A edição 2021 será a quarta edição do torneio internacional (será a quarta pois a edição de 2020 foi cancelada) e será inteiramente disputada na cidade italiana de Rimini, na costa Adriática. O Centro de Exposições da cidade foi inteiramente adaptado para ter quadras de treino e de jogo (duas na verdade) e toda a estrutura física necessária para realizar bem o torneio.
Como o torneio ocorre na mesma cidade (ao invés do tradicional tour pelo mundo) houve a implementação de uma bolha. Essa bolha terá uma série de regras bem definidas tanto dentro do local de jogo quanto nos hotéis. Entre as principais regras estão o fato que os hotéis são exclusivos para aqueles que trabalham no evento, entre staff, árbitros, atletas e comissão técnica (ao todo são quase 1000 pessoas).
Um ponto que é um pouco diferente para esse campeonato é o fato de não ter juíz de linha, mas esperam que o fato de ter o desafio de vídeo em todos os jogos podem ser o suficiente para suprir essa ausência. Outro ponto importante para essa temporada é o fato que esse ano não terá o rebaixamento, ou seja, todos que competem nessa temporada vão participar em 2022.
De uma forma geral, porém, o formato do torneio não muda muito. São 16 times masculinos e femininos e que jogam todos contra todos durante 5 semanas. Os jogos femininos ocorrem de terça a quinta e os masculinos são de sexta a domingo. As 4 equipes mais bem colocadas depois dessa fase vão para as semifinais e os vencedores dessa rodada jogam a grande final. Serão 8 jogos por dia para um total de 248 durante todo o torneio.
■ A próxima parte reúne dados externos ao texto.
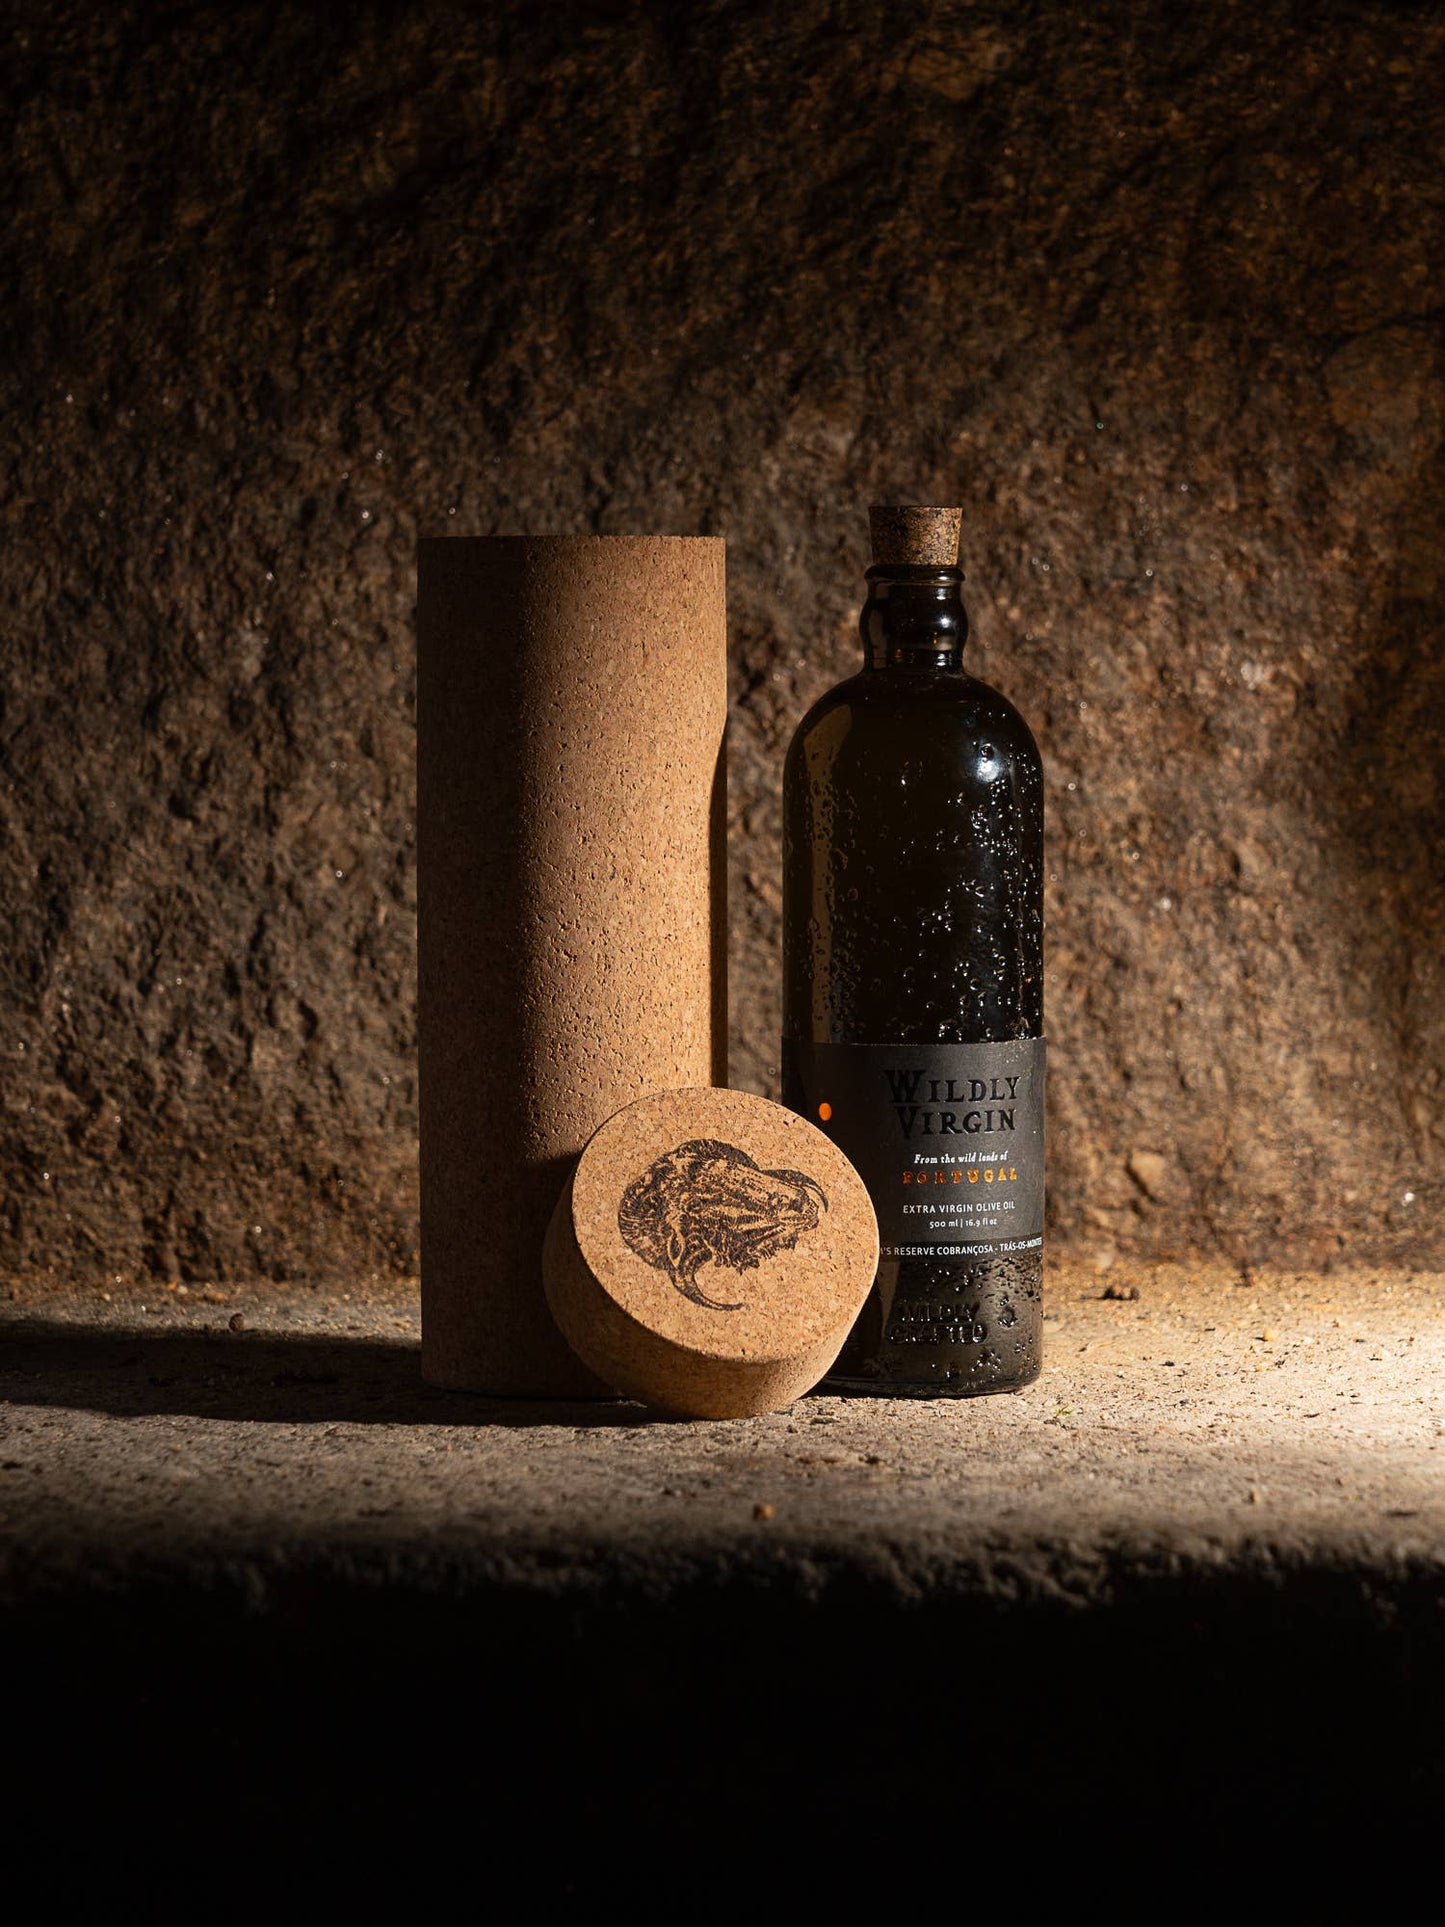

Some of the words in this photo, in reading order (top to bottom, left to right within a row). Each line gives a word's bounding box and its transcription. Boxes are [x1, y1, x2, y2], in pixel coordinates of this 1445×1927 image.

[914, 1154, 938, 1164] From
[941, 1153, 956, 1164] the
[958, 1152, 977, 1163] wild
[1000, 1150, 1009, 1161] of
[902, 1167, 1017, 1184] PORTUGAL
[903, 1205, 936, 1214] EXTRA
[939, 1204, 973, 1213] VIRGIN
[976, 1202, 1001, 1212] OLIVE
[1003, 1201, 1015, 1210] OIL
[929, 1221, 946, 1229] 500
[948, 1219, 959, 1228] ml
[965, 1219, 981, 1228] 16.9
[982, 1218, 989, 1226] fl
[989, 1218, 997, 1226] oz
[894, 1246, 935, 1256] RESERVE
[936, 1244, 994, 1256] COBRANÇOSA
O que podemos aprender com esse processo do vôlei?
Um dos principais pontos é não ter medo de mudanças. Se uma regra ou um aspecto do jogo não faz mais sentido tanto para o esporte de uma maneira geral, quanto para os atletas e para o fã, mude, adapte. Quando a FIVB começou a perceber que a regra da vantagem estava atrasando demais o andamento da partida, ela eliminou a regra.
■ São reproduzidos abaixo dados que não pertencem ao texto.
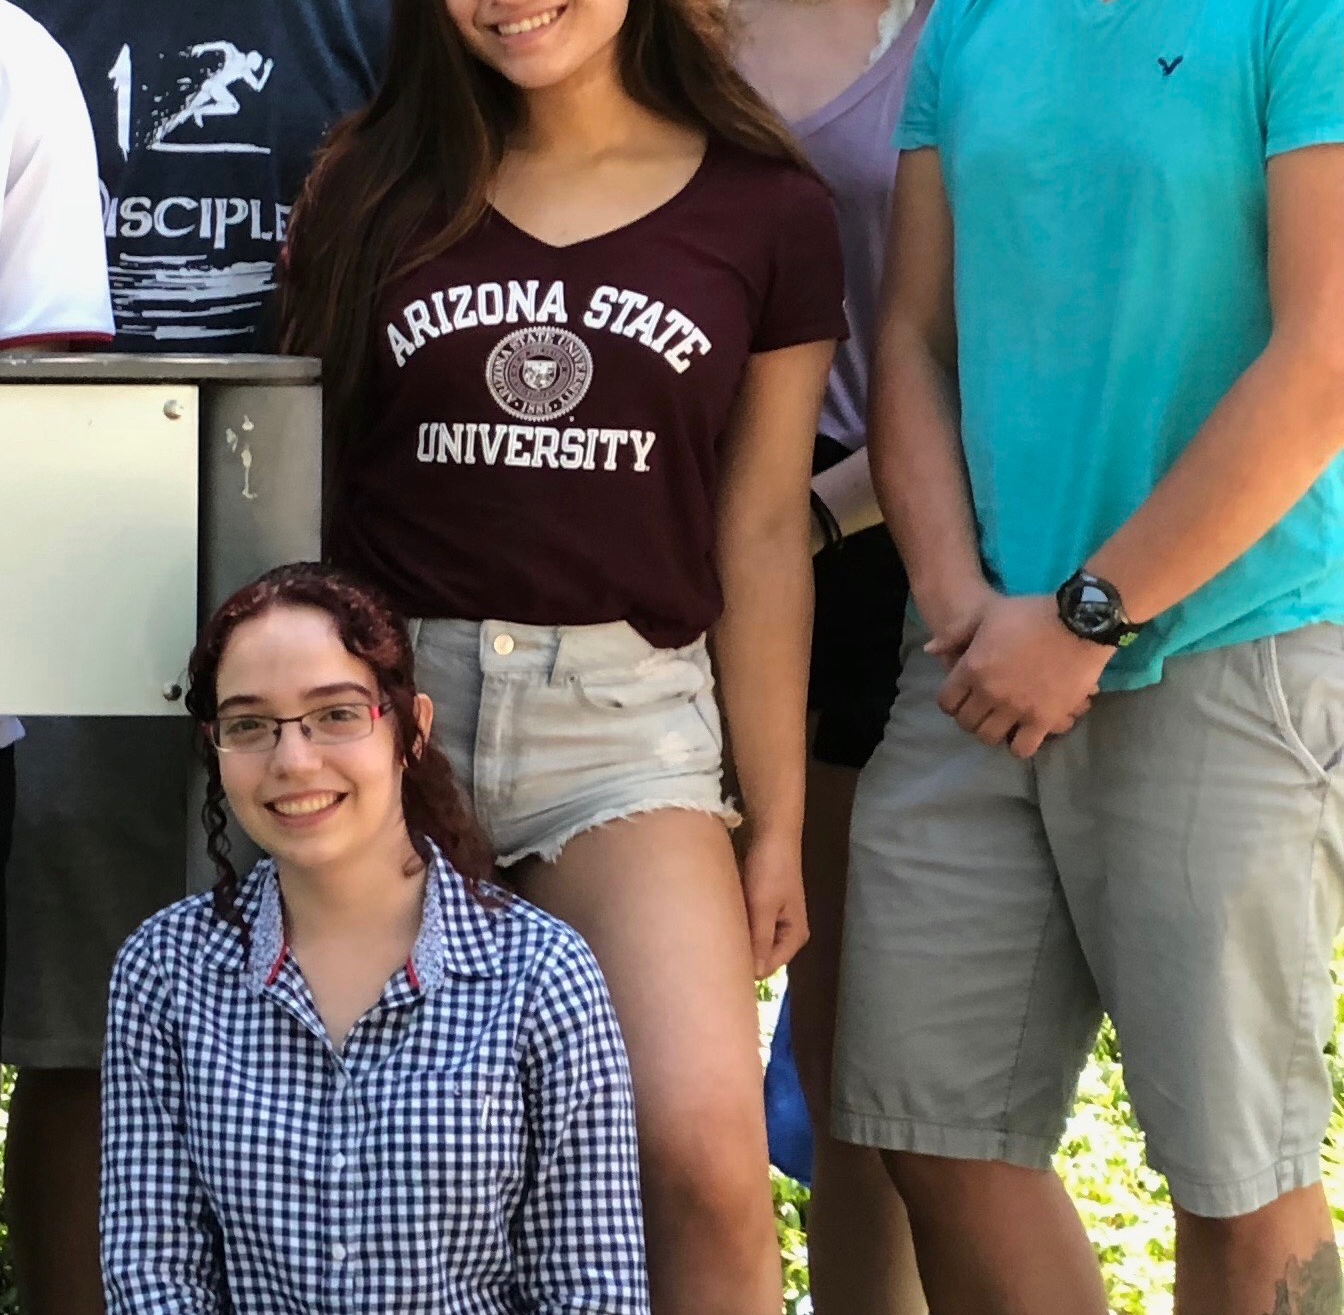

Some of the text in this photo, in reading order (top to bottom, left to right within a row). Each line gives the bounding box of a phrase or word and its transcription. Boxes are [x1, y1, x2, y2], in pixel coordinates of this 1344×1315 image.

[386, 279, 568, 368] ARIZONA
[583, 285, 712, 374] STATE
[416, 422, 656, 472] UNIVERSITY
Para tornar o jogo mais dinâmico e legal para o espectador, criaram a posição de líbero e permitiram uma posição especializada na defesa e, por tanto, mais dinâmico. Houve também muitos testes em relação à regra do toque na rede, com momentos onde não era permitido toque algum e outros onde era possível tocar na parte de baixo se não houvesse interferência no jogo.
Por fim, acredito que a lição mais valiosa é a de constante adaptação à experiência daqueles envolvidos. A VNL chegou para dar uma solução a vários problemas que atrapalhavam a competição e o esporte em si. Nós não devemos ficar com a ideia de que as coisas são feitas de uma única maneira e devemos simplesmente aceitar. Também devemos entender que porque algo faz sucesso e é bom, não quer dizer que é perfeito, podemos sempre ajustar.